Montaggio: Andrea Mertens. Musica: Sebastian Pille, Niki Reiser. Scenografia: Manfred Döring, Janina
Jaensch. Costumi: Aenne Plaumann. Interpreti: Alexander Fehling (Johann Radmann), André Szymanski
(Thomas Gnielka), Friederike Becht (Marlene Wondrak), Gert Voss (Fritz Bauer), Johannes Krisch (Simon
Kirsch), Johann von Bülow (Otto Haller), Robert Hunger-Bühler (Walter Friedberg), Hansi Jochmann (la
segretaria), Tim Williams (il maggiore Parker), Mathis Reinhardt (Fischer), Hartmut Volle (Alois Schulz),
Werner Wuölbern (Hans Lichter), Timo Dierkes (Peter Mertens), Susanne Schäfer (la madre di Johann).
Produzione: Jakob Claussen, Ulrike Putz, Sabine Lamby, Giulio Ricciarelli per Claussen Wöbke Putz
Filmproduktion/Naked Eye Filmproduktion. Distribuzione: Good Films. Durata: 124’. Origine: Germania,
2014.
Francoforte, 1958. Una pesante coltre di silenzio si libra sulla Germania, è nel cielo, nelle strade, nelle case, nei
tribunali, nel cuore e nella mente di tutti i tedeschi. Complice la disperata necessità di non perdere il treno dello
sviluppo economico, il Paese sconfitto durante il Secondo conflitto mondiale sembra aver dimenticato gli orrori
commessi qualche anno addietro, testimoniando il celebre allineamento tedesco che Hannah Arendt denunciò
con orrore e sofferenza.
«Sono in molti», scriveva la pensatrice nel 1948 «a condividere la responsabilità senza alcuna prova visibile di
colpevolezza», e Giulio Ricciarelli, milanese di nascita e tedesco d’adozione, dirige un film lineare e spontaneo
in cui, oltre a un’importante suggestione legata alla banalità del male, tenta di descrivere e pensare la Shoah a
posteriori, stupendosi di come le schegge di quell’esplosione mortale siano ancora conficcate nella carne e nella
coscienza delle vittime quanto dei carnefici, nonostante sia passato più di un decennio.

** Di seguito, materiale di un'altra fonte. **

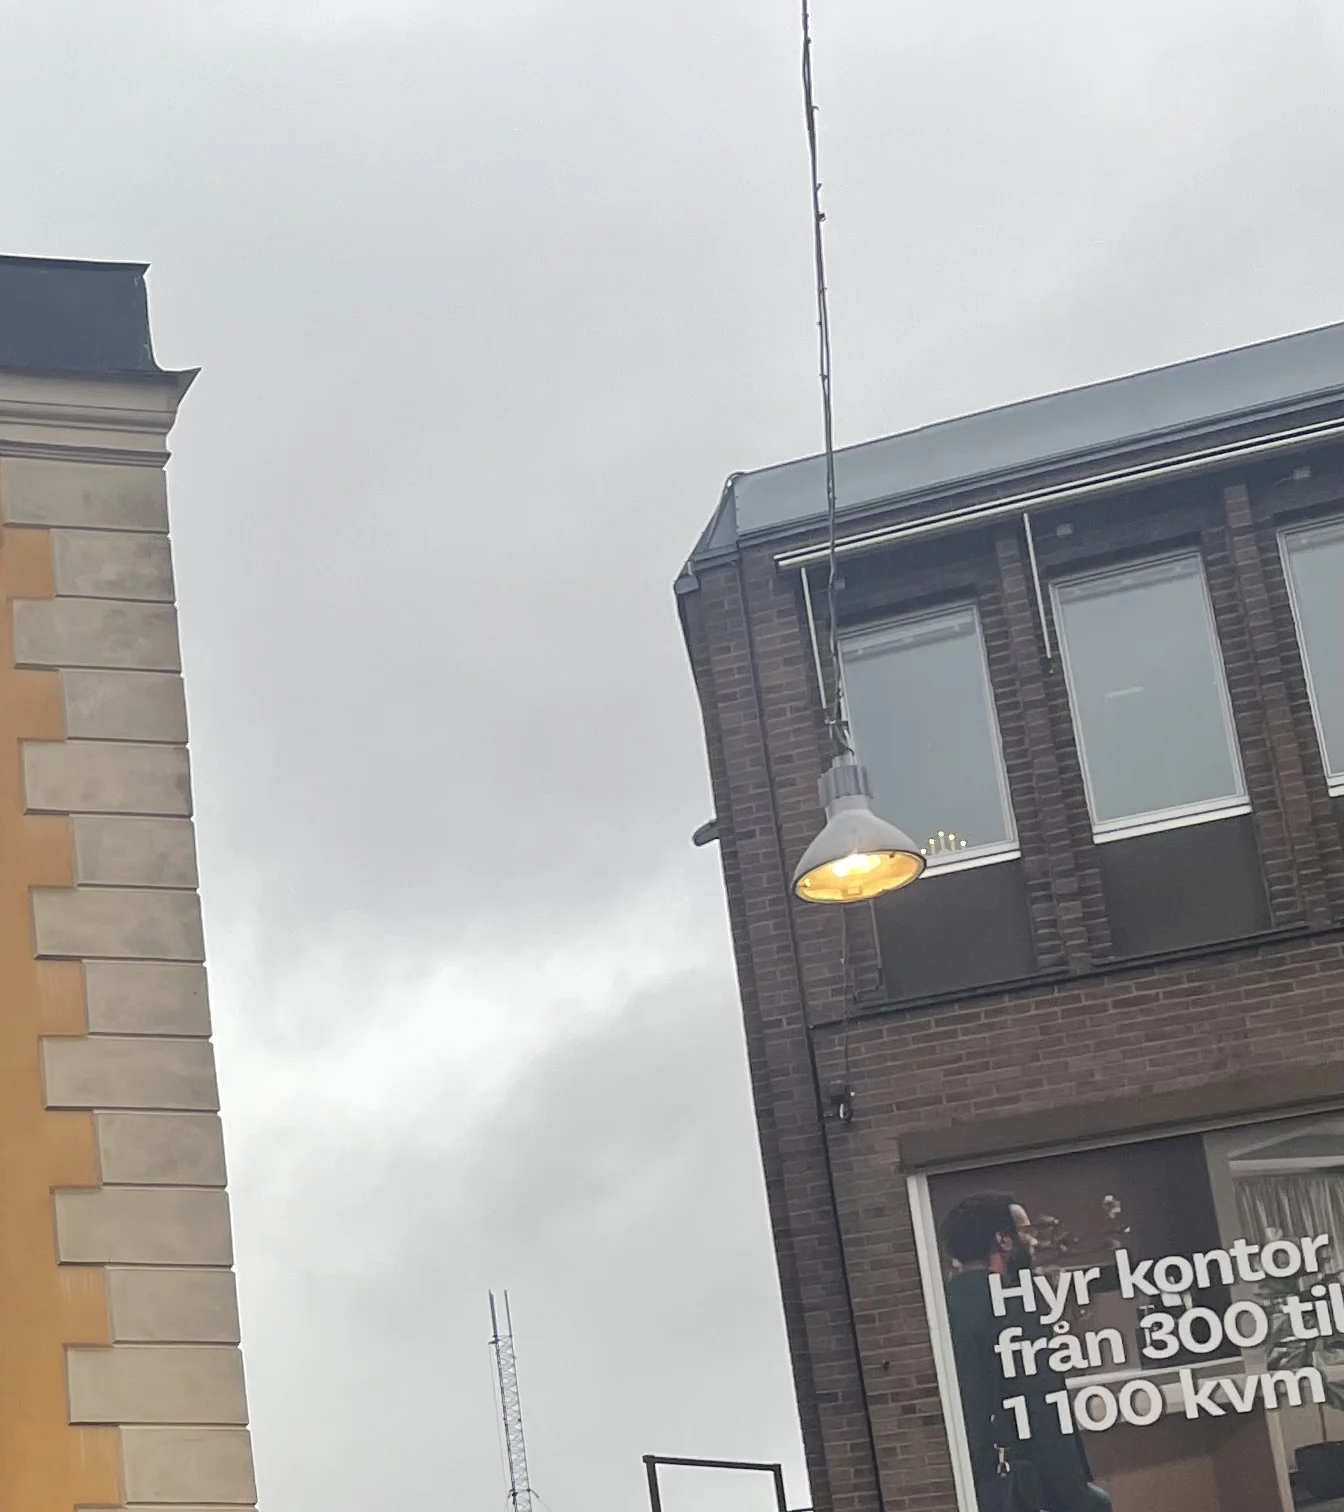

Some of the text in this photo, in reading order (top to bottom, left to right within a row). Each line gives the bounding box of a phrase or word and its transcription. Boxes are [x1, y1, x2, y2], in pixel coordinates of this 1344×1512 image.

Il cinema si trasforma, come spesso accade nei film commemorativi, in un mezzo per testimoniare ciò che è
stato, opportunità per riaprire vecchie ferite e ripensare, tutti insieme, senza distinzione alcuna, a come i confini
che «separano i criminali dalla persone normali, i colpevoli dagli innocenti, siano stati erosi a tal punto che
nessuno in Germania era in grado di sapere se l’uomo di fronte a noi era un eroe o qualcuno che si è macchiato
di omicidi di massa».
Ricciarelli si muove proprio su questo territorio pericoloso, imbastendo un film che si muove tra la fiction e la
realtà storica, mostrandoci i disperati tentativi e le angosce morali che hanno portato al celebre processo di
Francoforte del 1963, dove, per la prima volta, la giustizia tedesca condannò ex soldati nazisti (alcuni
appartenenti alle SS) che avevano preso parte, più o meno direttamente, al genocidio ebraico.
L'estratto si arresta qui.